家族農業・小規模農業と対峙する存在が、資本的なつながりで構成された組織の「企業的農業」。営利目的で従業員を雇いビジネス展開する場合が「企業的農業」で、それ以外が「家族農業・小規模農業」と捉えられる。

(農家への影響)
家族農業・小規模農業推進のため、国連は2019年に「家族農業の強化を実現できる政策環境の構築」「家族農業における男女平等と農村のリーダーシップ促進」などからなる世界行動計画の7つの柱を策定した。

2020年にはそれぞれの加盟国が「国内行動計画」を作る段階となっていたが、コロナ禍の影響で遅れが生じており、日本も具体策案はまとまっていない。
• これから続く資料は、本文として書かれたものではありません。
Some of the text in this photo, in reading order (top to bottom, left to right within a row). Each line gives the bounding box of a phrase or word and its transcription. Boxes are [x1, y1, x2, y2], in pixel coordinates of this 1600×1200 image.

そのため現状では、国連決議が直ちに日本の農家に影響を与える可能性は低いと言える。

日本はこれまで効率化を重視し、企業化や大規模化を政府が推進してきたが、今後国連の掲げる「家族農業の10年」運動の推移により、最終年の2028年までの間に政策転換の可能性はあると言える。

2.家族農業が重要視される理由
家族農業は、世界では90%を占める農業経営基盤なのである。
【全体に占める家族農業の割合は、米国で98.7%、EUで96.2%、日本で97.6%(農水省、『国連、家族農業の10年』の情報)】

世界で進行する自由主義経済の影響から、農業の効率化(作付・農薬散布等の作業の効率化)のため大規模化が世界的規模で推進されて来ているが、その上で実際にはFAOの調査によると、家族農業が世界全体に占める割合が、数の点でおよそ90%にのぼり、生産量の点でもおよそ80%を占めるとされる。

人口増加により将来食糧不足が懸念される現状で、世界全体の大部分を占める家族農業を守ることが、持続可能な社会作りに重要な施策だと考えられているのである。
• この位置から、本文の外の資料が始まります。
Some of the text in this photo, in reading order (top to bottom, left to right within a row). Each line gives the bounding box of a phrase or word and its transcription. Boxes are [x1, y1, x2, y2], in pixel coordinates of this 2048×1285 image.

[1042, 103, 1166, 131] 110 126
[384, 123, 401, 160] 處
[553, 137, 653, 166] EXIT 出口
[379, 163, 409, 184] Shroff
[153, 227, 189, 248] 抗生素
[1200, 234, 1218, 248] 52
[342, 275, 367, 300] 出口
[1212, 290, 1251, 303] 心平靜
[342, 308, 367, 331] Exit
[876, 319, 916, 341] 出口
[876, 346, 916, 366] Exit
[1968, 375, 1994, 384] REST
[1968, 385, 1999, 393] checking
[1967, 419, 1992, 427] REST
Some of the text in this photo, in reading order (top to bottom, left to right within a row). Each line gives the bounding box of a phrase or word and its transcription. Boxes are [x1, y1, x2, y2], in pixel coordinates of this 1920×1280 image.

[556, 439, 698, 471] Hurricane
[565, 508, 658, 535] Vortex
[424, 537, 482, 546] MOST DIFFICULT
途上国では、多くの人が貧困・飢餓に苦しんでいる。そして、その多くが食の安全を求め農林水産業に従事している。従って、国連は家族農業を守ることが多くの人々を救う方策と考えていると言える。

また、家族農業では人手不足が起こりやすいことから、女性も男性と同じくらい重要な働き手と期待される。即ち女性なしでは家族農業は成り立たないとして、家族農業の推進は女性の社会的地位向上にも貢献が大きいとされ、期待されているのである。

家族農業はSDGsとも密接に関連している。SDGsの17の目標のうち、貧困撲滅・ジェンダー平等・雇用促進などの目標に関係している。
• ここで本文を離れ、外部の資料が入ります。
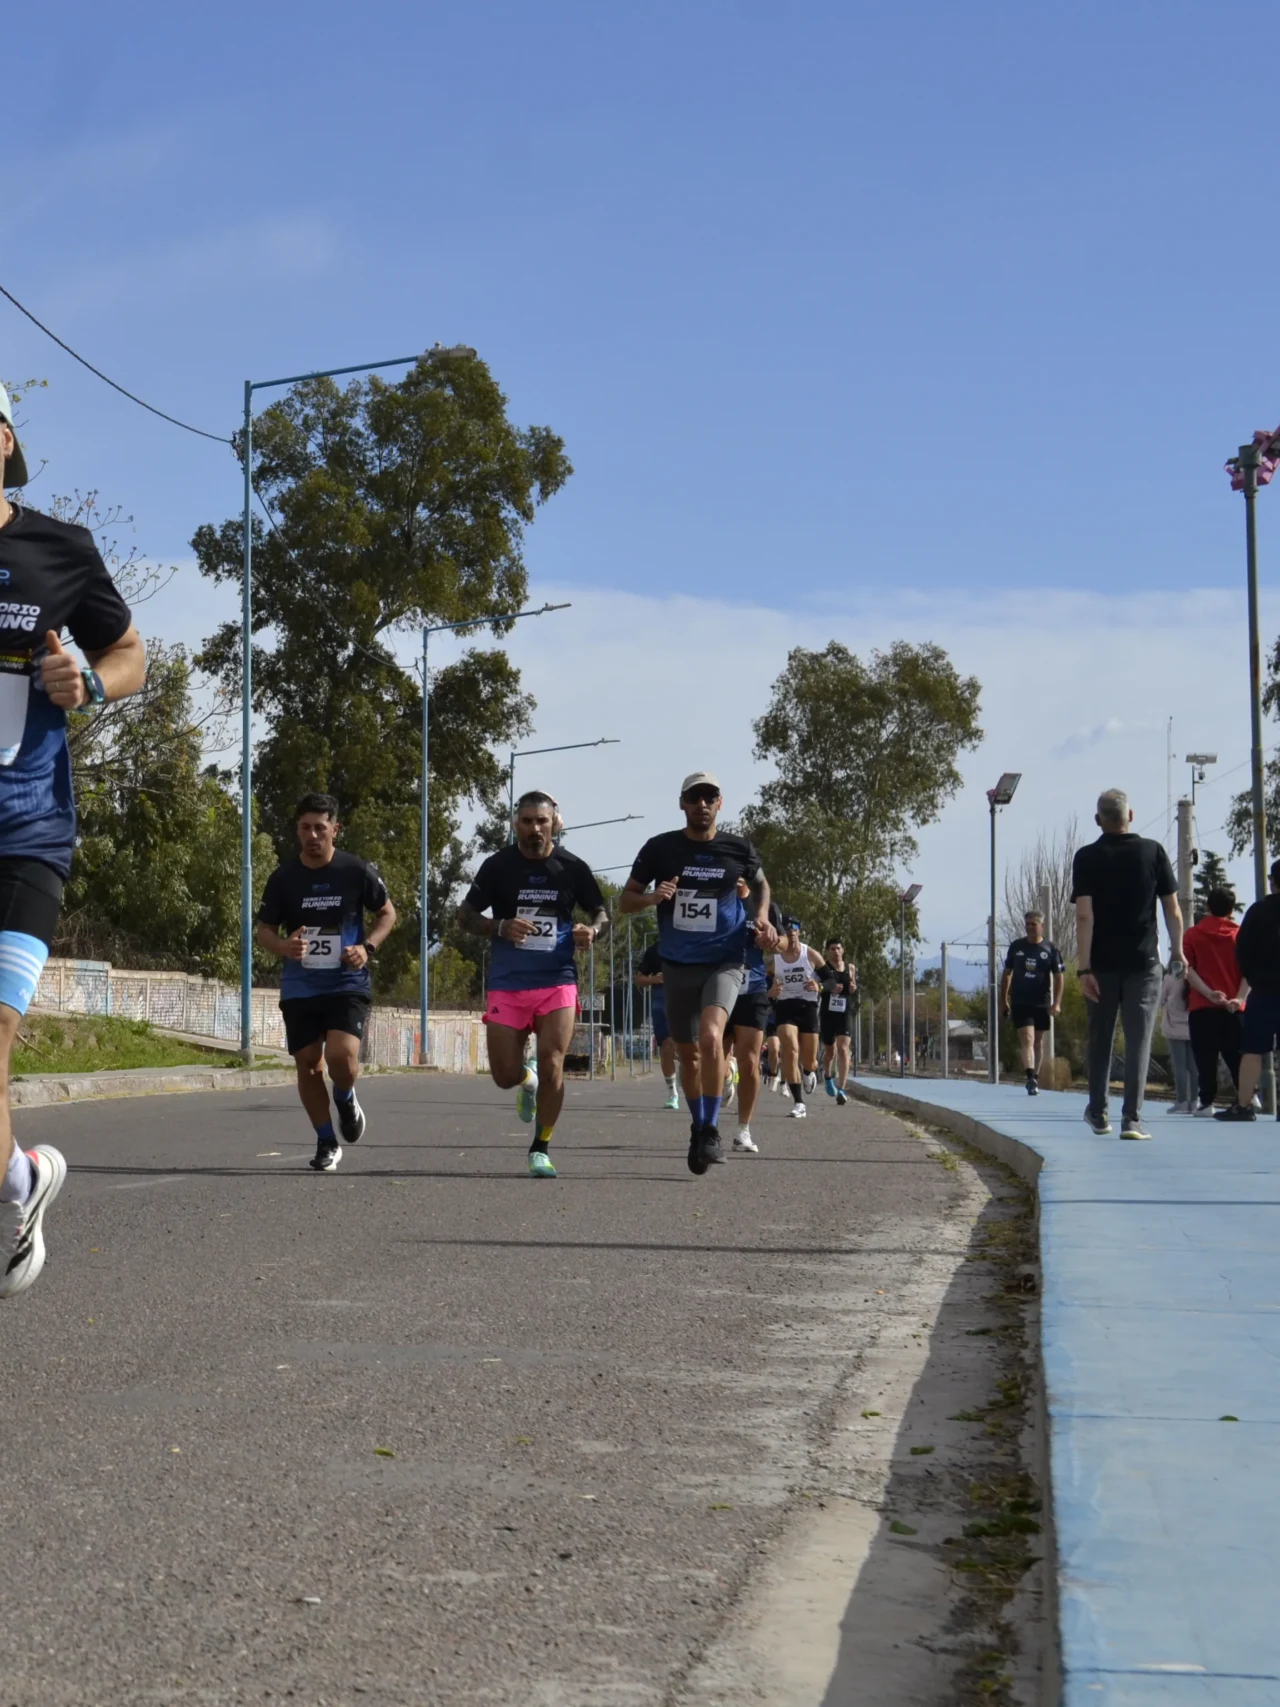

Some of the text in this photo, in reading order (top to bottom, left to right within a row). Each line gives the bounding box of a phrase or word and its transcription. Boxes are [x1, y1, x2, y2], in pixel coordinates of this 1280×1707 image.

[682, 870, 725, 879] RUNNING
[517, 893, 558, 901] RUNNING
[301, 900, 341, 909] RUNNING
[680, 902, 712, 919] 154
[527, 921, 553, 937] 52
[308, 940, 332, 956] 25
[785, 974, 804, 984] 562
自然と共生して食糧を生みだす家族農業は、そのほかにも気候変動やエネルギー、イノベーションなどSDGsの掲げる多くの目標達成に関連している。

3.日本の家族農業の現状
農水省データによると、日本の農業事業者総数は、2015年137.7万、2022年107.5万。
内訳は、
会社法人組織:2015年1.66万(1.2%)、2022年2.0万(1.9%)
農事組合法人:2015年0.6万(0.5%)、2022年0.7万(0.7%)
各種団体法人:2015年0.3万(0.2%)、2022年0.2万(0.2%)
その他法人:2015年0.09万(0.1%)、2022年0.13万(0.1%)
法人組織合計:2015年2.7万(2.0%)、2022年3.07万(2.9%)
個人経営体:2015年134万(97.3%)、2022年103.7万(96.4%)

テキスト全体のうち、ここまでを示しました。